**Supplied information**.
____
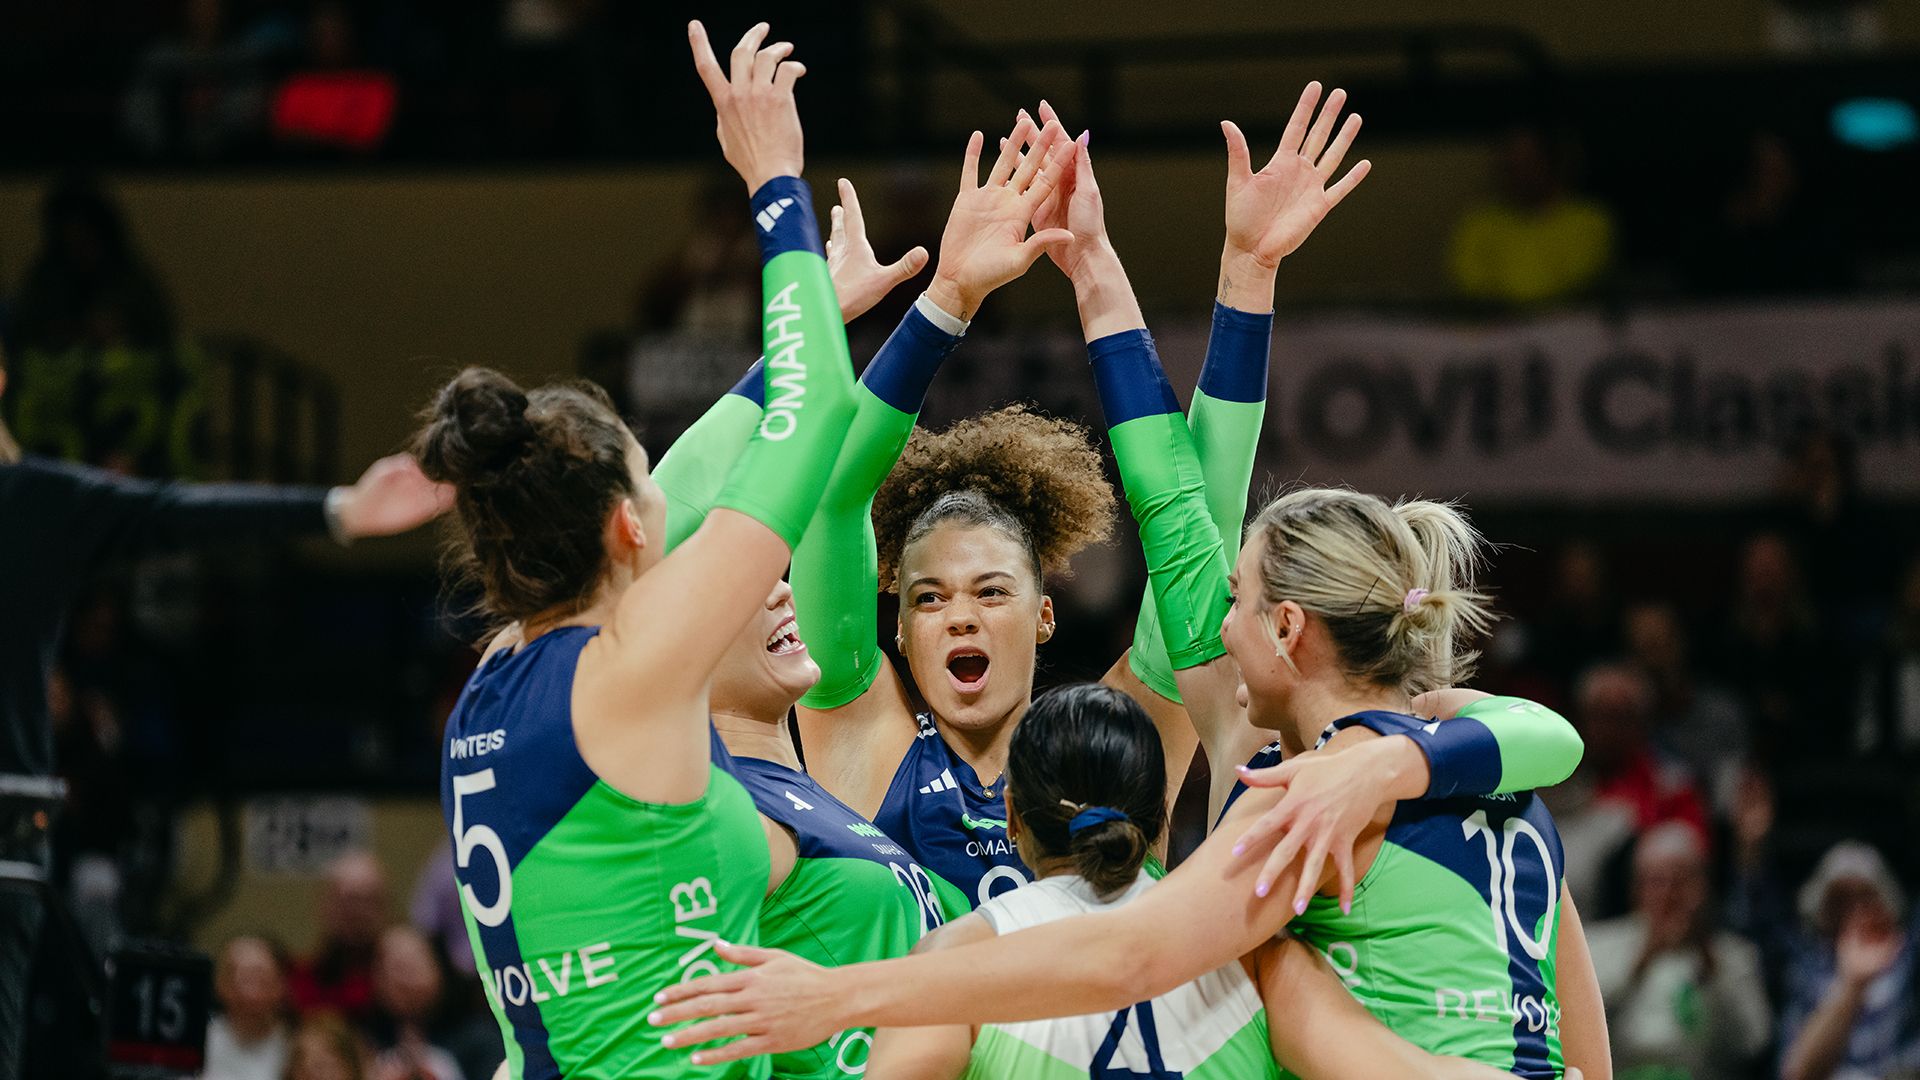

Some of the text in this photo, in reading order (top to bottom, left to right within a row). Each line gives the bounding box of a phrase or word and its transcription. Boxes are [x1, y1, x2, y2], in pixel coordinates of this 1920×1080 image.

[760, 281, 808, 441] OMAHA
[1581, 342, 1920, 460] Classi
[453, 768, 512, 927] 5
[1461, 809, 1557, 961] 10
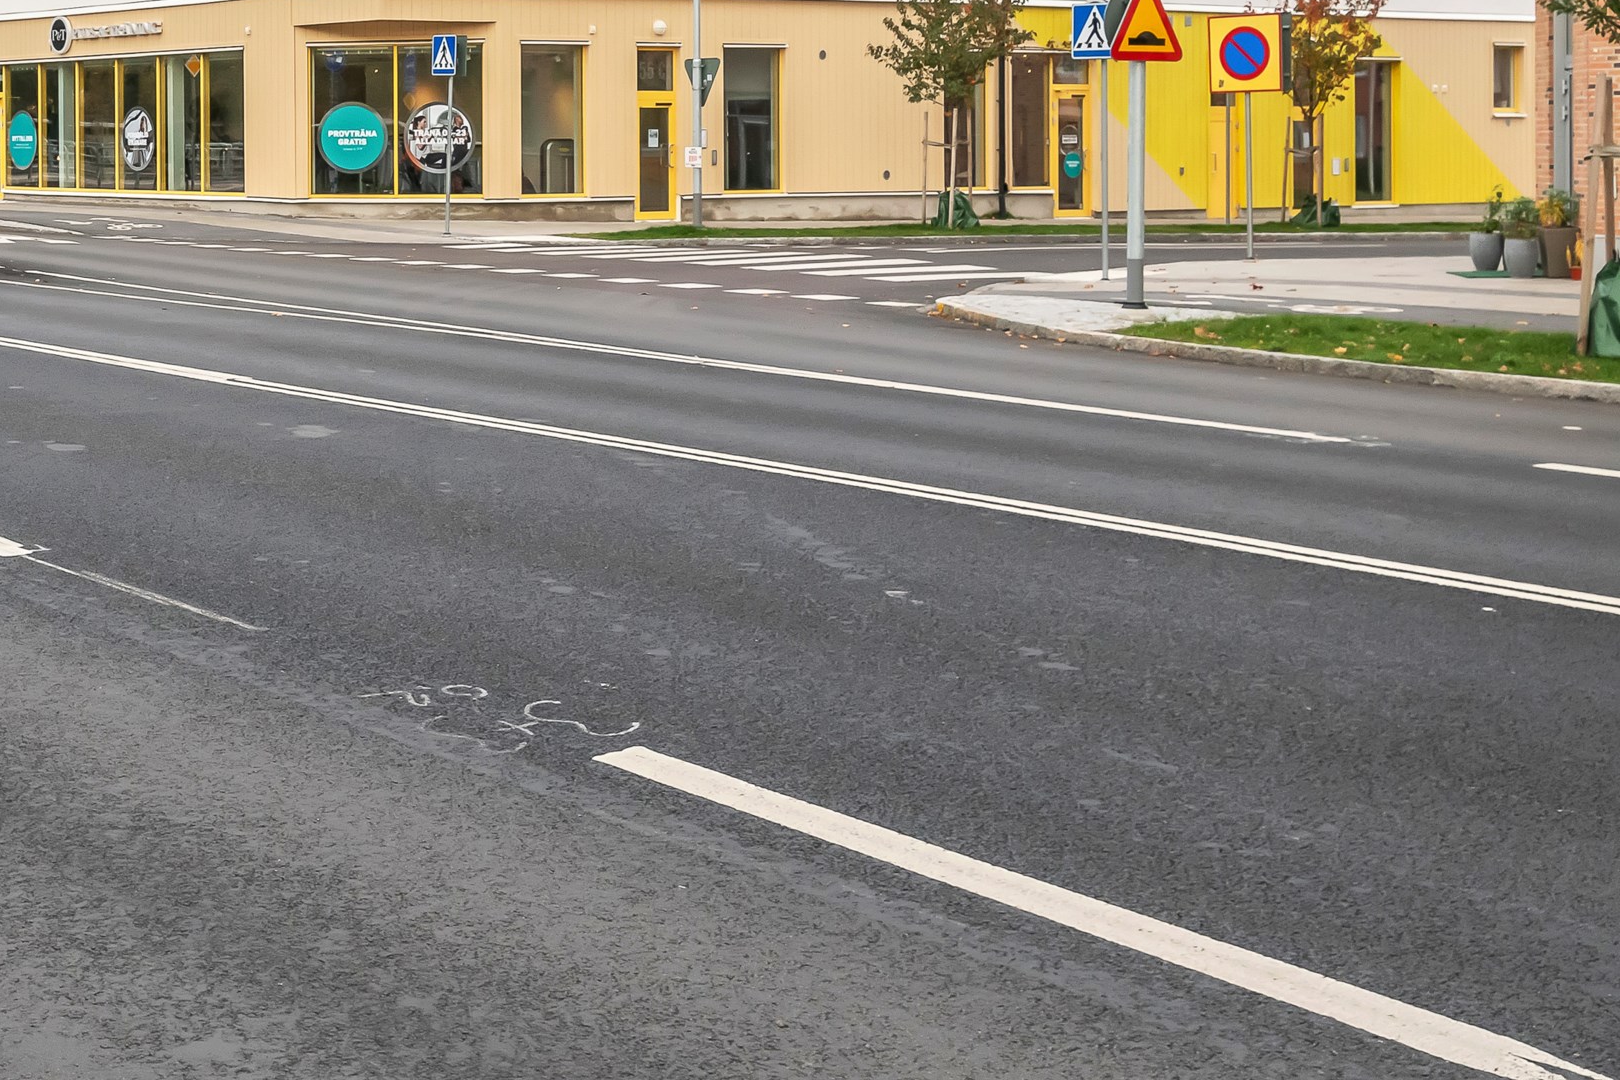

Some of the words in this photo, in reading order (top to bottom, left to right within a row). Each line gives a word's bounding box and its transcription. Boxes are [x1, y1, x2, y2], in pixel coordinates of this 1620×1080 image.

[52, 29, 66, 41] P&T
[327, 128, 377, 137] PROVTRÄNA
[413, 128, 441, 136] TRÄNA
[337, 138, 367, 146] GRATIS
[415, 137, 436, 145] ALLA
____
**Aim of the task**. Please output the data above exactly as given, omitting every picture.

**Task answer**.
Some of the text in this photo, in reading order (top to bottom, left to right within a row). Each line gives the bounding box of a phrase or word and its transcription. Boxes are [x1, y1, x2, y2], in pixel coordinates of this 1920×1080 image.

[760, 281, 808, 441] OMAHA
[1581, 342, 1920, 460] Classi
[453, 768, 512, 927] 5
[1461, 809, 1557, 961] 10

Some of the words in this photo, in reading order (top to bottom, left to right within a row). Each line gives a word's bounding box and its transcription. Boxes are [x1, y1, x2, y2], in pixel coordinates of this 1620×1080 image.

[52, 29, 66, 41] P&T
[327, 128, 377, 137] PROVTRÄNA
[413, 128, 441, 136] TRÄNA
[337, 138, 367, 146] GRATIS
[415, 137, 436, 145] ALLA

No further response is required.